Task goal -> Set every entry down again, unchanged, picture-free.

··· Supplied records ···

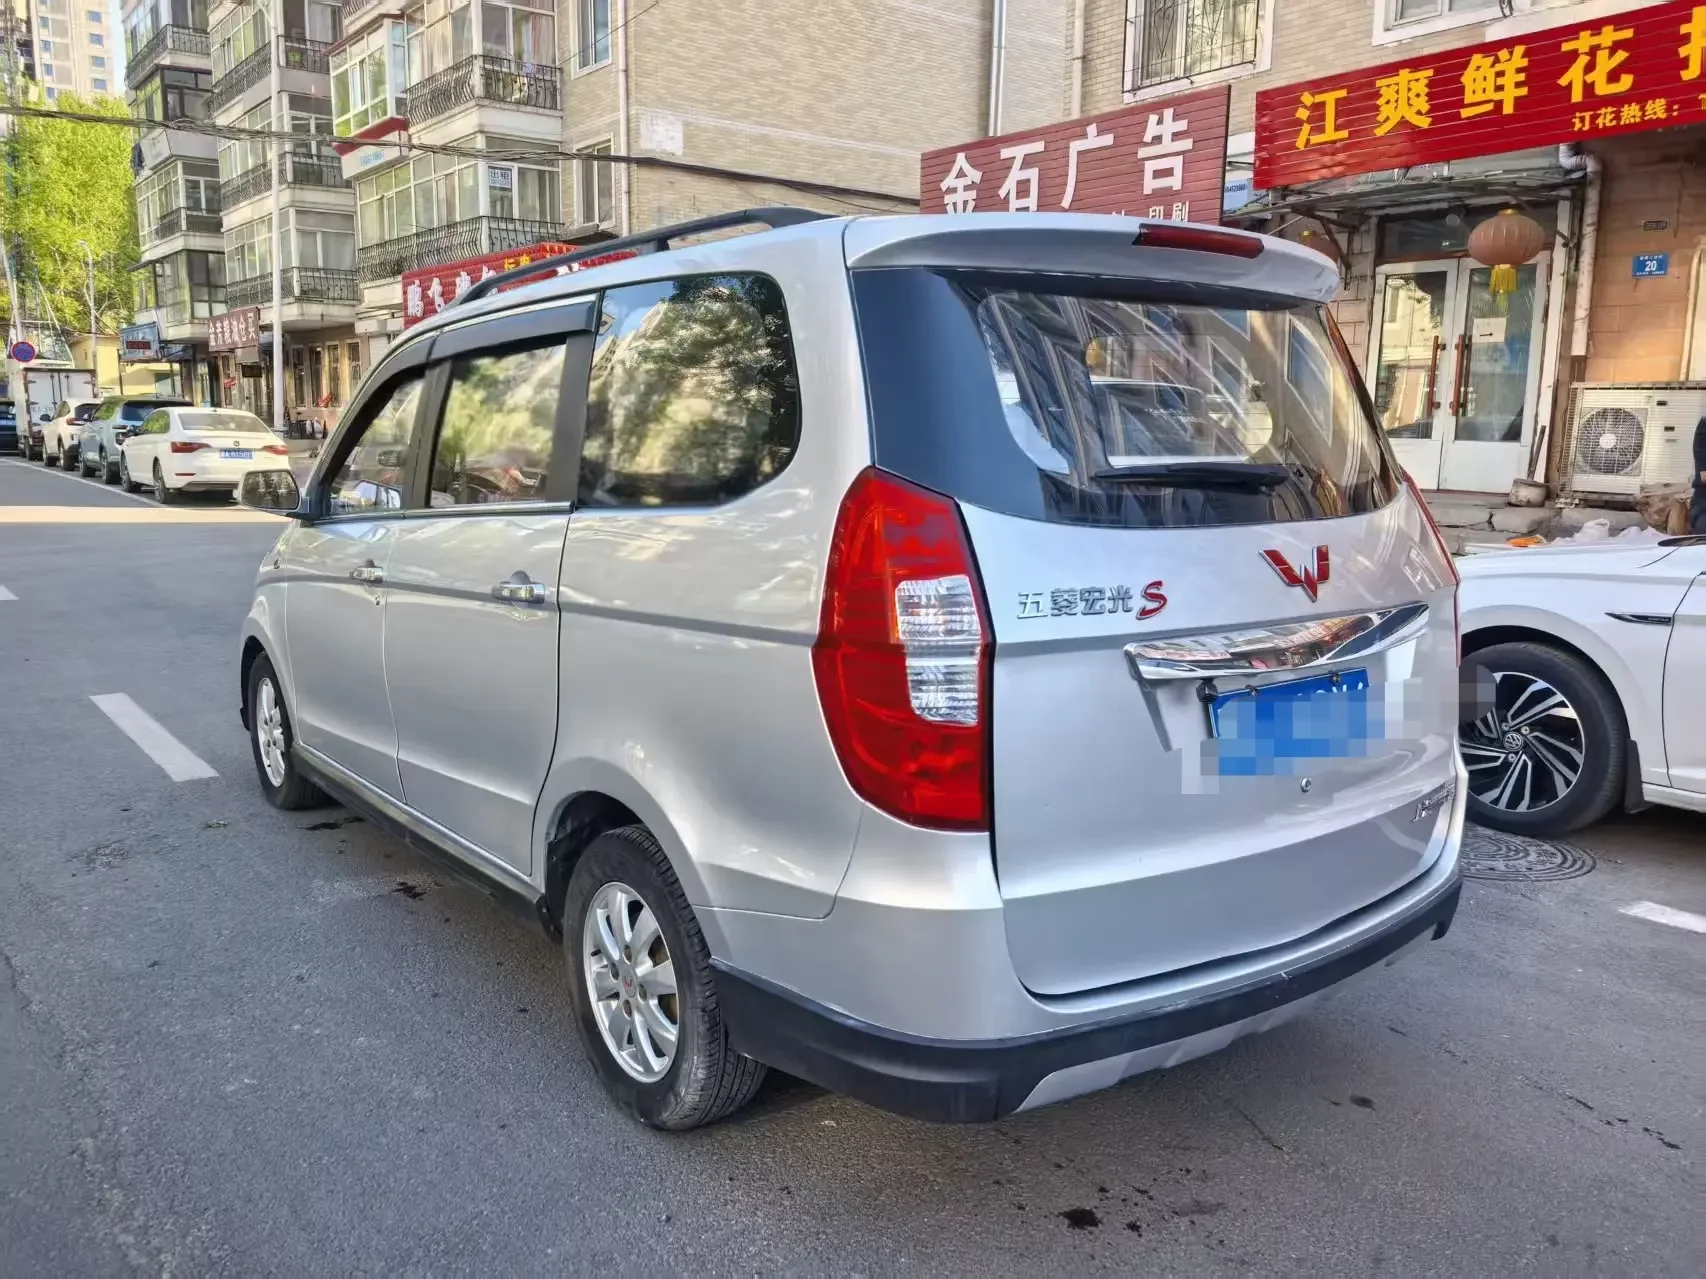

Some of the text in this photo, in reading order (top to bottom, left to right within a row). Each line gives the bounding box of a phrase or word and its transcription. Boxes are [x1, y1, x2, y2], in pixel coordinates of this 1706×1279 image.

[939, 107, 1194, 215] 金石广告
[1645, 260, 1658, 272] 20
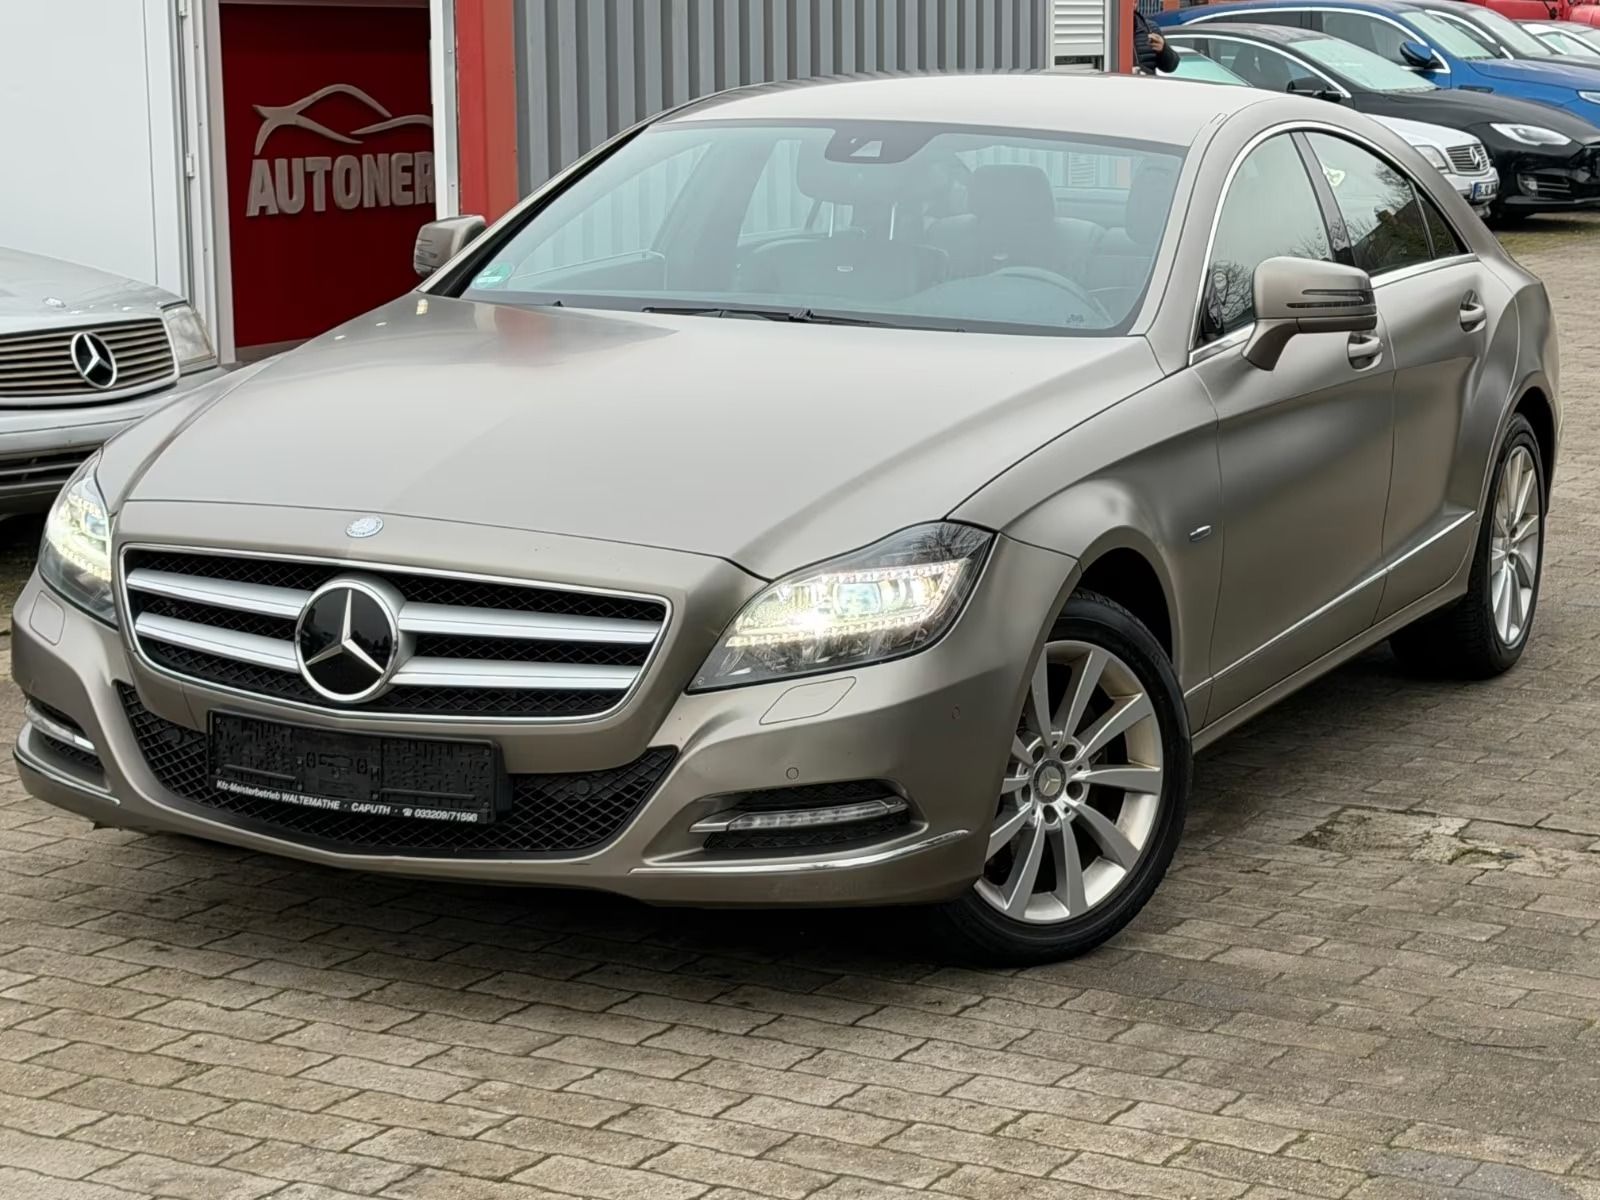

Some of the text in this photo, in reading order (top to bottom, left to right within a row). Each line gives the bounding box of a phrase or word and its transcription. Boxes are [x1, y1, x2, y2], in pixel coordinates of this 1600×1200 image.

[216, 780, 280, 800] Kfz-Meisterbetrieb
[281, 793, 341, 810] WALTEMATHE
[351, 802, 391, 815] CAPUTH

···

Answer box ->
Some of the text in this photo, in reading order (top to bottom, left to right within a row). Each line gives the bounding box of a phrase or word and its transcription. Boxes are [x1, y1, x2, y2], in pixel coordinates of this 1706×1279 image.

[939, 107, 1194, 215] 金石广告
[1645, 260, 1658, 272] 20

Some of the text in this photo, in reading order (top to bottom, left to right within a row). Each line gives the bounding box of a phrase or word and its transcription. Boxes are [x1, y1, x2, y2], in pixel coordinates of this 1600×1200 image.

[216, 780, 280, 800] Kfz-Meisterbetrieb
[281, 793, 341, 810] WALTEMATHE
[351, 802, 391, 815] CAPUTH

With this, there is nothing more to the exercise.